Diversity of filamentous fungi associated with Hypothenemus hampei (Ferrari) (Coleoptera: Scolytidae) and its galleries in berries of Coffea canephora (Pierre)

Farah de C. GamaI; César A.D. TeixeiraII; Alvanir GarciaII; José N.M. CostaII; Daniela K.S. LimaI

IEmbrapa Rondônia, BR 364, km 5,5, C. postal 406, 78900-970, Porto Velho, RO, farah_gama@yahoo.com.br

IIPós-Graduação em Biologia Experimental,Univ. Federal de Rondônia, Campus - BR 364, km 9,5 78900-000, Porto Velho, RO

RESUMO

Amostragens de campo foram realizadas em Ouro Preto d'Oeste (10°45'S e 62°15'W) para avaliar a micobiota associada a Hypothenemus hampei Ferrari [cutícula, aparelho bucal, protórax (micângia), tubo digestivo e fezes] e suas galerias em frutos de Coffea canephora Pierre. Dez gêneros (201 isolados) estavam diretamente relacionados com o inseto, enquanto cinco gêneros (20 isolados) estavam relacionados com galerias do inseto nos frutos. Todos os gêneros identificados associados aos insetos estavam também presentes nas suas galerias, o que indica que o broqueamento pode significar um modo ativo de inoculação de fungos por H. hampei. Na broca, a diversidade de gêneros de fungos foi maior no aparelho bucal e protórax e menor nas fezes. Fusarium, Penicillium e Geotrichum, com abundâncias de 55,7, 24,3 e 10,8%, respectivamente, foram os gêneros dominantes. Nas galerias Fusarium, Geotrichum, Trichoderma e Aspergillus com abundância de 33,3; 29,6; 18,5 e 14,8%, respectivamente, foram os gêneros dominantes. A presença de Fusarium no inseto e suas galerias reforça indicações anteriores de uma interação íntima entre H. hampei-Fusarium. A presença de Aspergillus e Penicillium enfatiza a possibilidade de dispersão da ocratoxina pela broca. Este trabalho fornece o primeiro registro da micobiota associada a H. hampei em C. canephora. Entre os gêneros identificados, Cephalosporium, Geotrichum e Oidiodendrum foram registrados pela primeira vez em associação com o inseto e suas galerias em C. canephora.

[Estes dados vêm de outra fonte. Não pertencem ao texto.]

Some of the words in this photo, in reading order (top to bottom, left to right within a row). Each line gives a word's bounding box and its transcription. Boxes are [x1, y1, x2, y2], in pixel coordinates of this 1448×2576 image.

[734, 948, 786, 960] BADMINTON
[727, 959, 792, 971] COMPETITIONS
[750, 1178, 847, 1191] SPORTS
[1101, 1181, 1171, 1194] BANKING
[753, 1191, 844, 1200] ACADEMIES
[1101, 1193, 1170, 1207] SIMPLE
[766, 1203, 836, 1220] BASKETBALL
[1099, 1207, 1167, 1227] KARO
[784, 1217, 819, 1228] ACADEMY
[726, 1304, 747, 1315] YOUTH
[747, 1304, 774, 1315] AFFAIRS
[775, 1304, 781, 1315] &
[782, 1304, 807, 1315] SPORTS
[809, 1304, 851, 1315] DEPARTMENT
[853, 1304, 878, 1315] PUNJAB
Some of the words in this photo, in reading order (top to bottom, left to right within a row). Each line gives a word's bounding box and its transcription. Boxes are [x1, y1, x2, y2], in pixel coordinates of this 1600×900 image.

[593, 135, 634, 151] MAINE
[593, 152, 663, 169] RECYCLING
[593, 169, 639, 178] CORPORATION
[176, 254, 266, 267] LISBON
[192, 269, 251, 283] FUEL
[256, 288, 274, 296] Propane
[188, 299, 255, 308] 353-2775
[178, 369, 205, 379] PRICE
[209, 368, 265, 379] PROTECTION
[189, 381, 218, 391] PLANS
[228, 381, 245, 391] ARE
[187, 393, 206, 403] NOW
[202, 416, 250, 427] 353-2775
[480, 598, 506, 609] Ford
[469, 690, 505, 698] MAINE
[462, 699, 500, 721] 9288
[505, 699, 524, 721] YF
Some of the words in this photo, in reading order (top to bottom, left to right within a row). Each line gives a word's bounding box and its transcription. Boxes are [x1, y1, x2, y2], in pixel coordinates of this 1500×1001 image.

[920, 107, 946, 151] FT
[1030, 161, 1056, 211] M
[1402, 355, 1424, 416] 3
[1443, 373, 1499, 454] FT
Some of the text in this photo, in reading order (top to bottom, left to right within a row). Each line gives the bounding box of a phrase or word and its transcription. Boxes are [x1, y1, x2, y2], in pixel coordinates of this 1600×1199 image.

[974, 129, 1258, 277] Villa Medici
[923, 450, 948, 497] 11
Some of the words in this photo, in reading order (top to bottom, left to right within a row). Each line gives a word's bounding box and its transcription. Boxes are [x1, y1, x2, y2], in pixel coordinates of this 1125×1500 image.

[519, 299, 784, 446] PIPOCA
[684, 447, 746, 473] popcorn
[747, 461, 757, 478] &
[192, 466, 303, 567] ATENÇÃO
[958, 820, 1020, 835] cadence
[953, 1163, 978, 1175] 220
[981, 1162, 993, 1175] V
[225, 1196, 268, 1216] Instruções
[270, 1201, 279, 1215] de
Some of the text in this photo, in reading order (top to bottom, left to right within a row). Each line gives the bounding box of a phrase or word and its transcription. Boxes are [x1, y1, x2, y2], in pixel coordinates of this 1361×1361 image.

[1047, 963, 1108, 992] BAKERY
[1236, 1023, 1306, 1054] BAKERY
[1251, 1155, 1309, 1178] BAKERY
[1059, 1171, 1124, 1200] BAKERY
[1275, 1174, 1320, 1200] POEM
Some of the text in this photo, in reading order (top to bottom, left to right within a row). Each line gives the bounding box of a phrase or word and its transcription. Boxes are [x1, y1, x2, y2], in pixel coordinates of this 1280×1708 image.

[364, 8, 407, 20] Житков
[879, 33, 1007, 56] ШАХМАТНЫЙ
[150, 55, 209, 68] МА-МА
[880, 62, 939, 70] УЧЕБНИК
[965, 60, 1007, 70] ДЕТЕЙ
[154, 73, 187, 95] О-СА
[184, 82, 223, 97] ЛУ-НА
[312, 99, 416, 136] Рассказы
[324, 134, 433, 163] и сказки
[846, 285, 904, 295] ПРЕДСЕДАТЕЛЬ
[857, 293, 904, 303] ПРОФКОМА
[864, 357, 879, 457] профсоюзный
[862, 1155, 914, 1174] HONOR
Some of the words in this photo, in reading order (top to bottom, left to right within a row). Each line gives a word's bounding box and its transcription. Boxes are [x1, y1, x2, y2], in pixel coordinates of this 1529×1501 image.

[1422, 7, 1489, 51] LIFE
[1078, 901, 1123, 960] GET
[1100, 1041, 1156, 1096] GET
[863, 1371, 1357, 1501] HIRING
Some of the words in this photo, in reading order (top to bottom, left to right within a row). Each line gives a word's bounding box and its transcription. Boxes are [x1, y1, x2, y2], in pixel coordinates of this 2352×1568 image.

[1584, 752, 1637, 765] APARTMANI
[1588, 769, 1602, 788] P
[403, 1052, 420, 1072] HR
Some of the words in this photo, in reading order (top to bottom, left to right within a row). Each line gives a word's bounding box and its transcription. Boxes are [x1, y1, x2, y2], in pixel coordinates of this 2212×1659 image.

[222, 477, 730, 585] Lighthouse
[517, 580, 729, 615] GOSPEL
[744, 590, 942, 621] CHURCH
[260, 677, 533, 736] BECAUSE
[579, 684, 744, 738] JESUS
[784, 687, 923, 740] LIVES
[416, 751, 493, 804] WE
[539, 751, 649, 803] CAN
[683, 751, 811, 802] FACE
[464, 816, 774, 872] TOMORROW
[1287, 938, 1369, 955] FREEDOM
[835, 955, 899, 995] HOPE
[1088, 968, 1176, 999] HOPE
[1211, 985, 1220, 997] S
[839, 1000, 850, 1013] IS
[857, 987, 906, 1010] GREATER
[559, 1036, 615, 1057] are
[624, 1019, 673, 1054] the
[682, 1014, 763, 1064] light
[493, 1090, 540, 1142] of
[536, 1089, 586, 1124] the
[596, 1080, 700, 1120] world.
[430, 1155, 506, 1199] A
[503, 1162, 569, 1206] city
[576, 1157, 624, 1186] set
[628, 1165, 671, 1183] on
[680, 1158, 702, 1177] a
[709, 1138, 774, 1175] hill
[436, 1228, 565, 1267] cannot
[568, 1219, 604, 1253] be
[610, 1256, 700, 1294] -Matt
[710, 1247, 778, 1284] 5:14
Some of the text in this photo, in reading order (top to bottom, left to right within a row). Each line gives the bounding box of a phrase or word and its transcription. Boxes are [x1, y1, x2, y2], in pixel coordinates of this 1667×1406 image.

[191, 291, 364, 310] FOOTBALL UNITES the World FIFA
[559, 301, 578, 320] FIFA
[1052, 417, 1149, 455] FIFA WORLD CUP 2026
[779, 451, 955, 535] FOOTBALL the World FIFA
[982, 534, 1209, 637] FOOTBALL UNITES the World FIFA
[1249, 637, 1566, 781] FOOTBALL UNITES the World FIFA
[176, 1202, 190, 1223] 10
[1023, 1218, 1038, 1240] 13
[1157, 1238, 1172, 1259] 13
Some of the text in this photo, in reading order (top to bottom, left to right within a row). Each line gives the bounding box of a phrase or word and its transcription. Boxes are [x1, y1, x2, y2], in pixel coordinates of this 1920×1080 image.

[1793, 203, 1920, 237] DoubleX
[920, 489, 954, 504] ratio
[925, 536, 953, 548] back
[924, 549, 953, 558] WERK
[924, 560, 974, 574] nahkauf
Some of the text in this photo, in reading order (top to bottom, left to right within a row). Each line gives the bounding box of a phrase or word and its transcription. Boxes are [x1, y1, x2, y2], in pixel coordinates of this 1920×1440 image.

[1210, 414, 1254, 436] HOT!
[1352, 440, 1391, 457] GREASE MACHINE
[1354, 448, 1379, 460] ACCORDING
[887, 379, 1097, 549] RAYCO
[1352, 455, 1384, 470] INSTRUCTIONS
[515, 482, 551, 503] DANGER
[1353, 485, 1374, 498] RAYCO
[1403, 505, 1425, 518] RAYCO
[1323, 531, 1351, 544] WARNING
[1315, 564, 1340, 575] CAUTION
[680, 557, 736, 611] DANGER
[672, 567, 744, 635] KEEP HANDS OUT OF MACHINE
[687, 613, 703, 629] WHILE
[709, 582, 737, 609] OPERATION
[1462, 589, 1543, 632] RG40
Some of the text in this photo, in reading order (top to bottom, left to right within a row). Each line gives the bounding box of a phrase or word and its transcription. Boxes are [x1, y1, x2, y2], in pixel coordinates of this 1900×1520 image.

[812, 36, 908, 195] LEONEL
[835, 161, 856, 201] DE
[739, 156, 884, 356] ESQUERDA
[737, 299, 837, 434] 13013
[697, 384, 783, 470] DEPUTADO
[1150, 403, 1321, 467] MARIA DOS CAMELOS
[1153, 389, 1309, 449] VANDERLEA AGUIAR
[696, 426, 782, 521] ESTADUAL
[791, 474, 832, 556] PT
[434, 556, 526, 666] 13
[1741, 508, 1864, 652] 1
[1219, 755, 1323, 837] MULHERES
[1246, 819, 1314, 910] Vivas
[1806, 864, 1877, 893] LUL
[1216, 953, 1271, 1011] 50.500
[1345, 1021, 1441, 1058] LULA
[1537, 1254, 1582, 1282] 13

Palavras-chave: Broca-do-café, Micobiota, café, interação ecológica

ABSTRACT

Field sampling was carried out in Ouro Preto d'Oeste Rondônia (10°45'S and 62°15'W) to evaluate the mycobiota associated with Hypothenemus hampei Ferrari [cuticle, mouth, prothorax (mycangia), gut and feces] and its galleries on berries of Coffea canephora Pierre. Ten genera (201 isolates) were directly related with the insect while five genera (20 isolates) were related with galleries on berries. All the genera identified in the insects were also present in their galleries, what indicates that boring may be an active way of fungi inoculation by H. hampei. The fungi genera were more diverse in the mouth and prothorax of borers, and lower in feces. Fusarium, Penicillium and Geotrichum, with abundance of 55.7, 24.3 and 10.8%, respectively, were dominant genera. In the galleries Fusarium, Geotrichum, Trichoderma and Aspergillus with abundance of 33.3, 29.6, 18.5 and 14.8%, respectively, were dominant genera. The overall presence of Fusarium in coffee berry borer and its galleries) reinforces previous indications of a close interaction between H. hampei-Fusarium. The presence of Aspergillus and Penicillium emphasizes the possibility of "ochratoxin dispersion" by the borer. This work provides the first record of the mycobiota associated with H. hampei in C. canephora. Among the identified genera, Cephalosporium, Geotrichum and Oidiodendrum were recorded for the first time in association with H. hampei and its galleries in C. canephora.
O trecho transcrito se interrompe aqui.